[Annotated photo localization data]
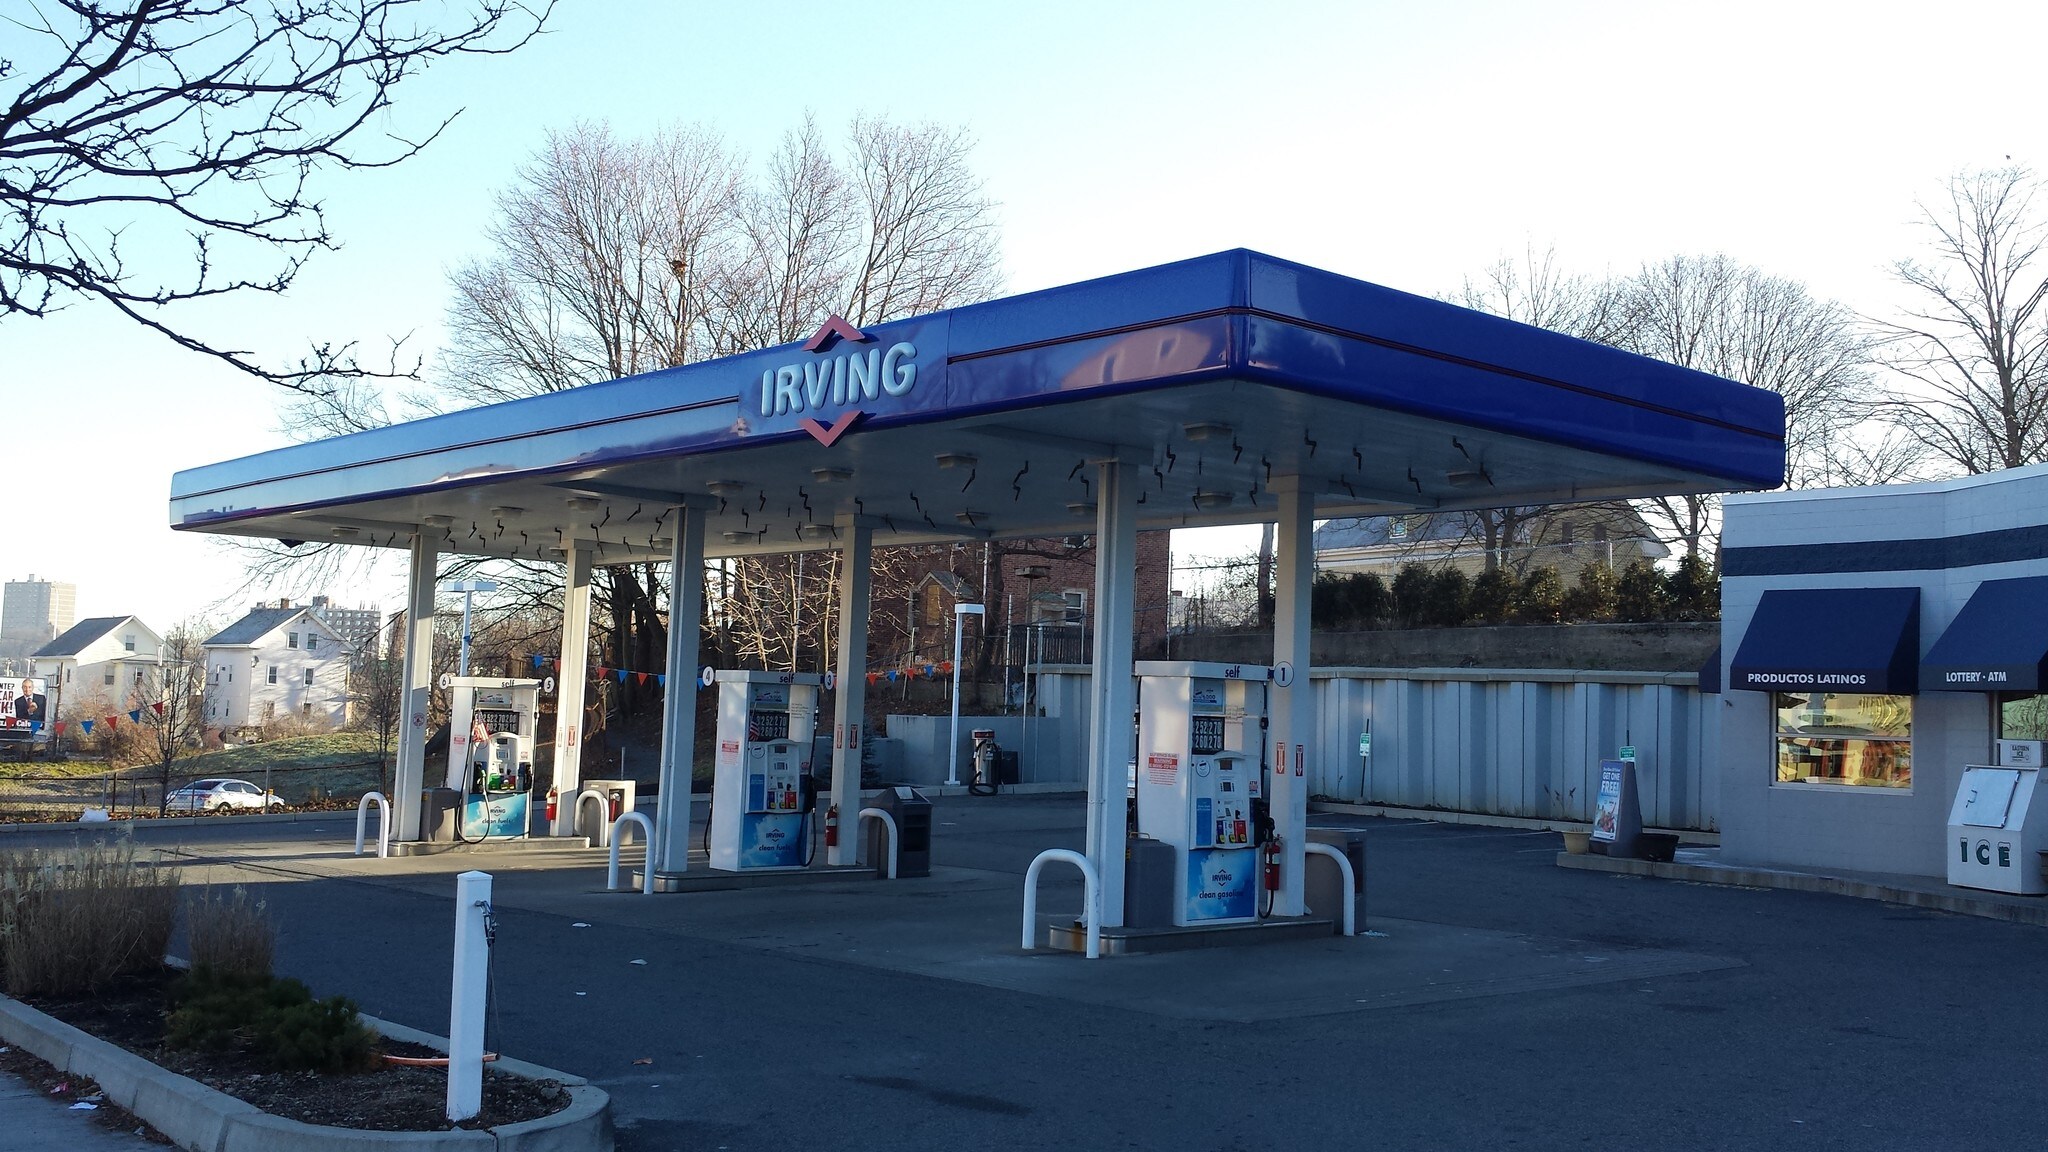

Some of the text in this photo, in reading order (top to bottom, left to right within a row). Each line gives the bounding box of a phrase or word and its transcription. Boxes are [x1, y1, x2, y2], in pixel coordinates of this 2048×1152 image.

[761, 341, 917, 417] IRVING
[705, 671, 711, 682] 4
[1225, 665, 1240, 679] self
[1281, 667, 1286, 682] 1
[1946, 671, 2007, 682] LOTTERY ATM
[441, 677, 446, 686] 6
[501, 679, 515, 688] self
[779, 673, 795, 684] self
[826, 674, 832, 686] 3
[1747, 673, 1866, 685] PRODUCTOS LATINOS
[546, 680, 552, 689] 5
[1610, 772, 1620, 780] ONE
[1960, 837, 2011, 867] ICE
[1212, 874, 1232, 882] IRVING
[1199, 891, 1216, 899] clean
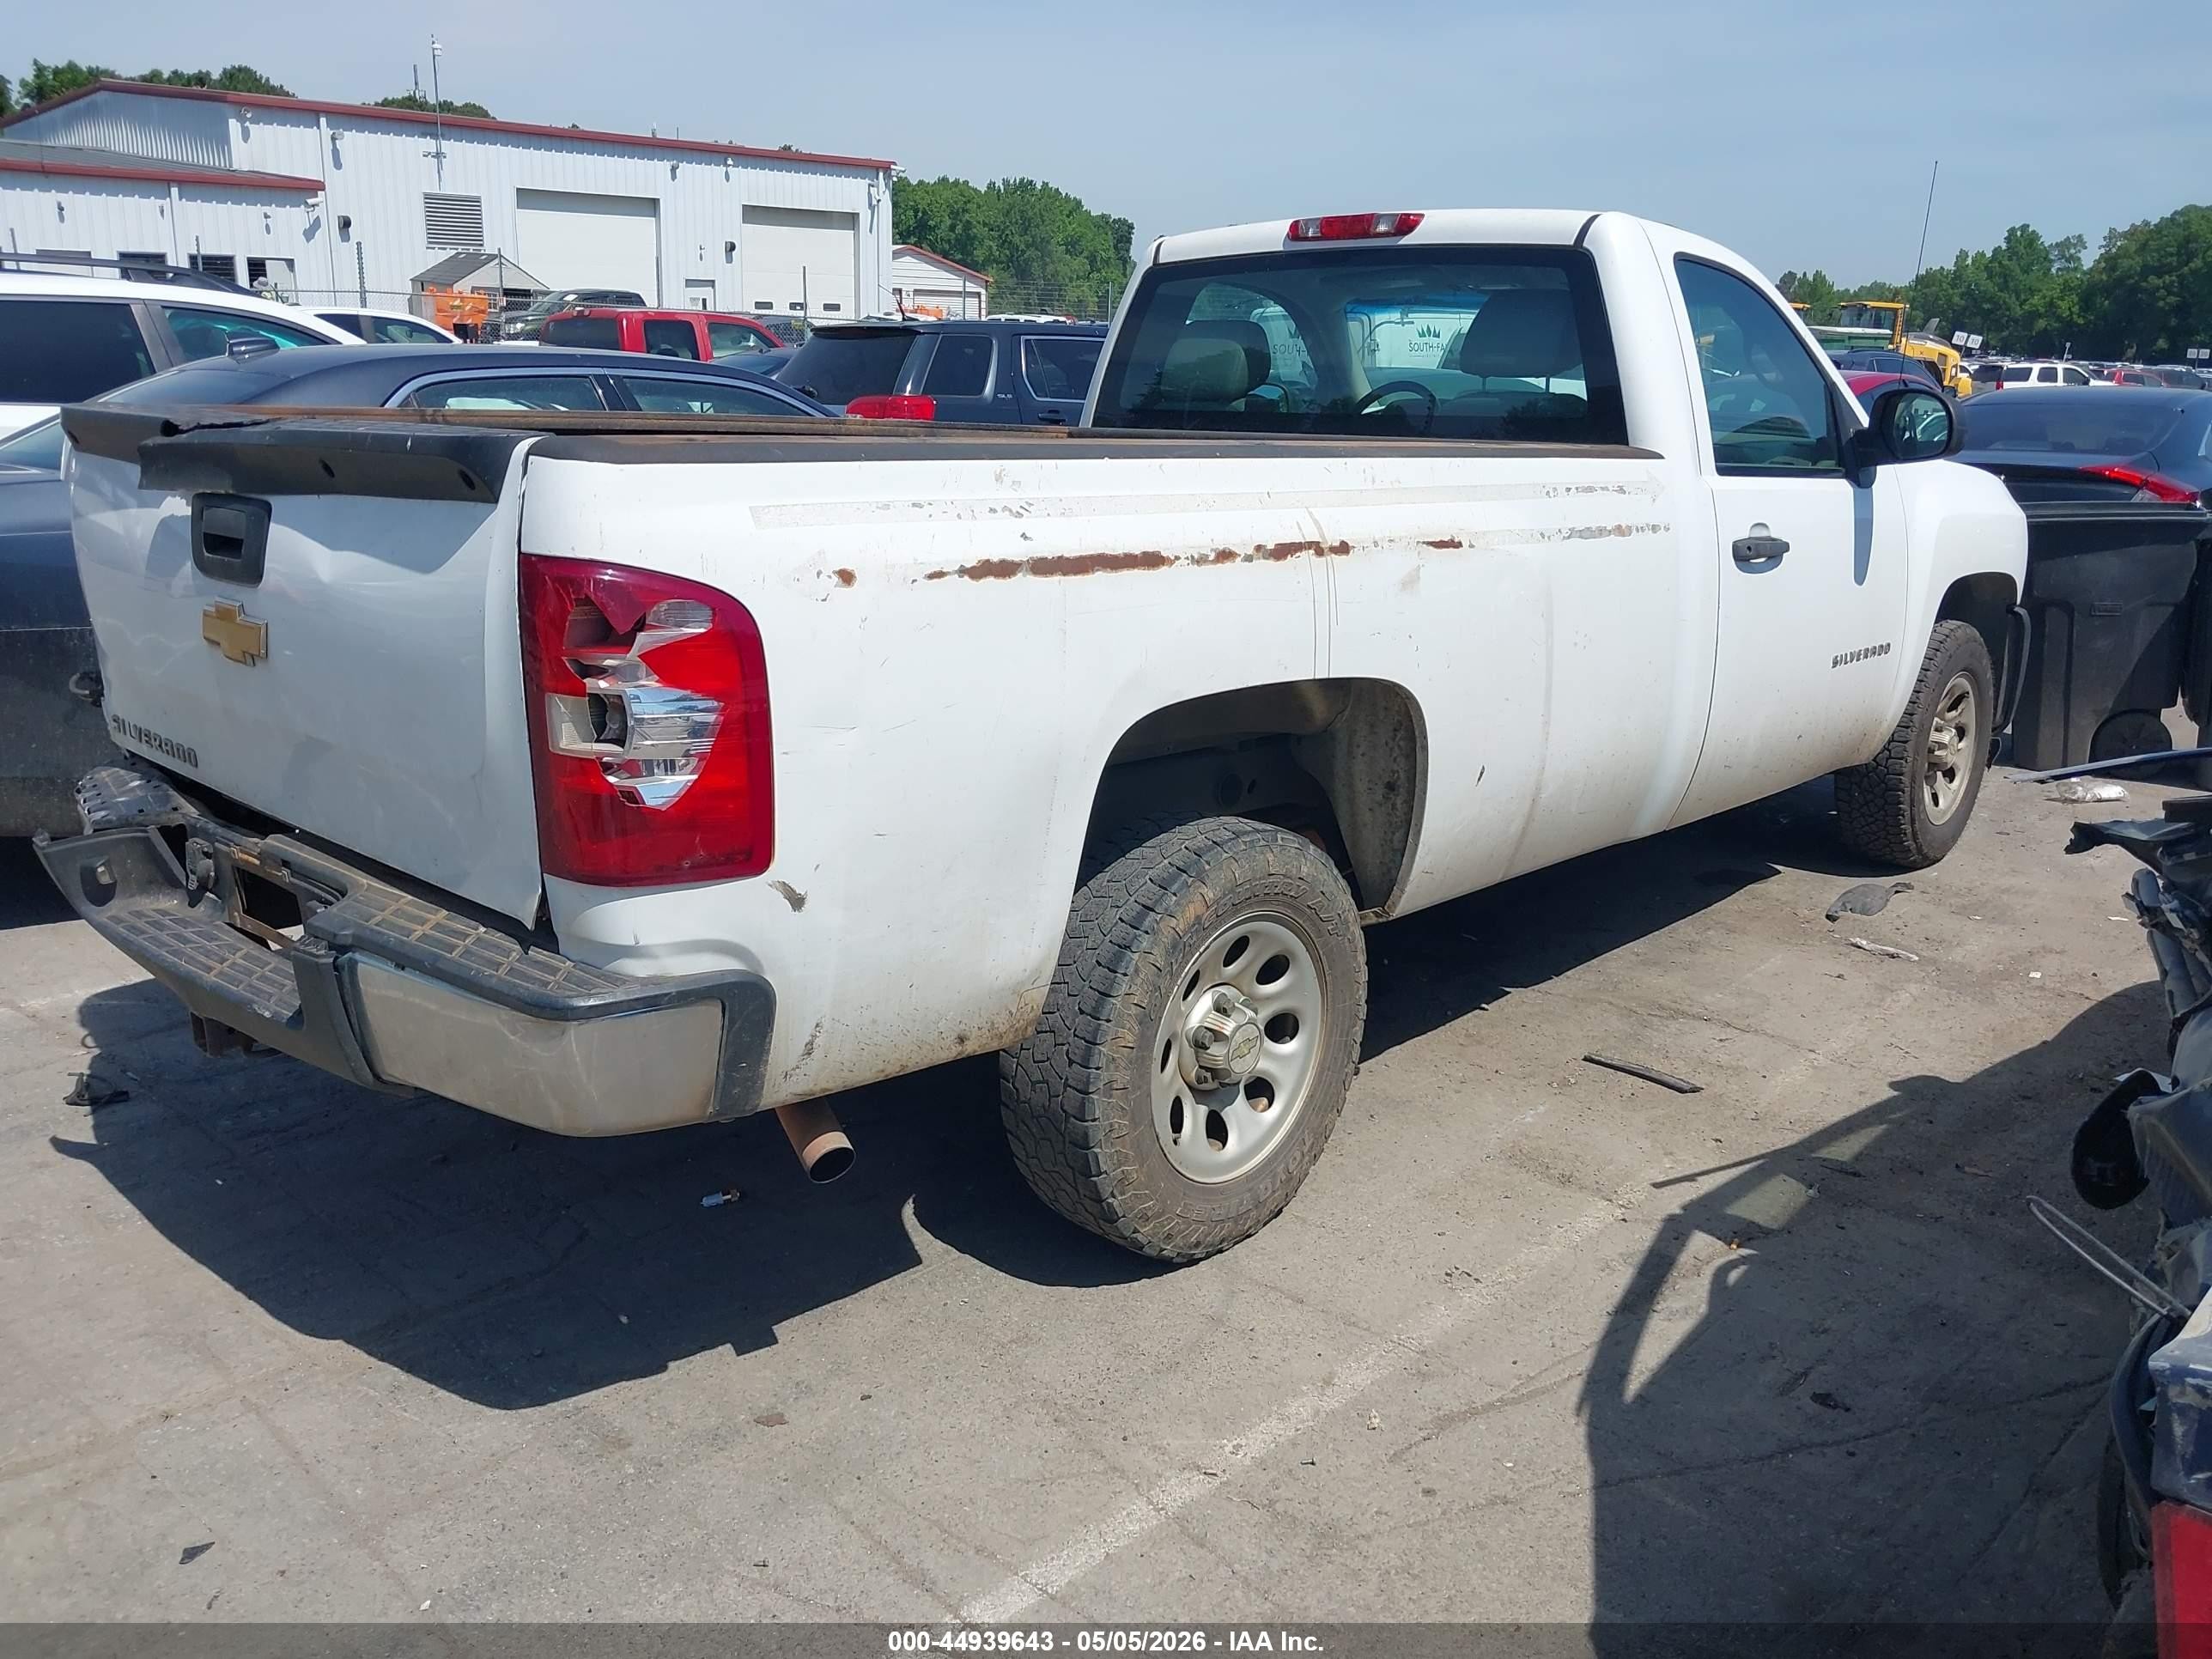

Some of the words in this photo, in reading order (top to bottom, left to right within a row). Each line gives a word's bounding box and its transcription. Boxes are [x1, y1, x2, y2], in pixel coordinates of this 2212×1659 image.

[1408, 342, 1447, 353] SOUTH-FA
[1831, 641, 1891, 669] SILVERADO
[111, 714, 198, 769] SILVERADO

▶ [Problem to solve] Reproduce each line of the records exactly, omitting any picture.

▶ [Solved exercise]
Some of the text in this photo, in reading order (top to bottom, left to right within a row). Each line gives the bounding box of a phrase or word and its transcription. Boxes are [x1, y1, x2, y2], in pixel coordinates of this 2048×1152 image.

[761, 341, 917, 417] IRVING
[705, 671, 711, 682] 4
[1225, 665, 1240, 679] self
[1281, 667, 1286, 682] 1
[1946, 671, 2007, 682] LOTTERY ATM
[441, 677, 446, 686] 6
[501, 679, 515, 688] self
[779, 673, 795, 684] self
[826, 674, 832, 686] 3
[1747, 673, 1866, 685] PRODUCTOS LATINOS
[546, 680, 552, 689] 5
[1610, 772, 1620, 780] ONE
[1960, 837, 2011, 867] ICE
[1212, 874, 1232, 882] IRVING
[1199, 891, 1216, 899] clean

Some of the words in this photo, in reading order (top to bottom, left to right within a row). Each line gives a word's bounding box and its transcription. Boxes are [x1, y1, x2, y2], in pixel coordinates of this 2212×1659 image.

[1408, 342, 1447, 353] SOUTH-FA
[1831, 641, 1891, 669] SILVERADO
[111, 714, 198, 769] SILVERADO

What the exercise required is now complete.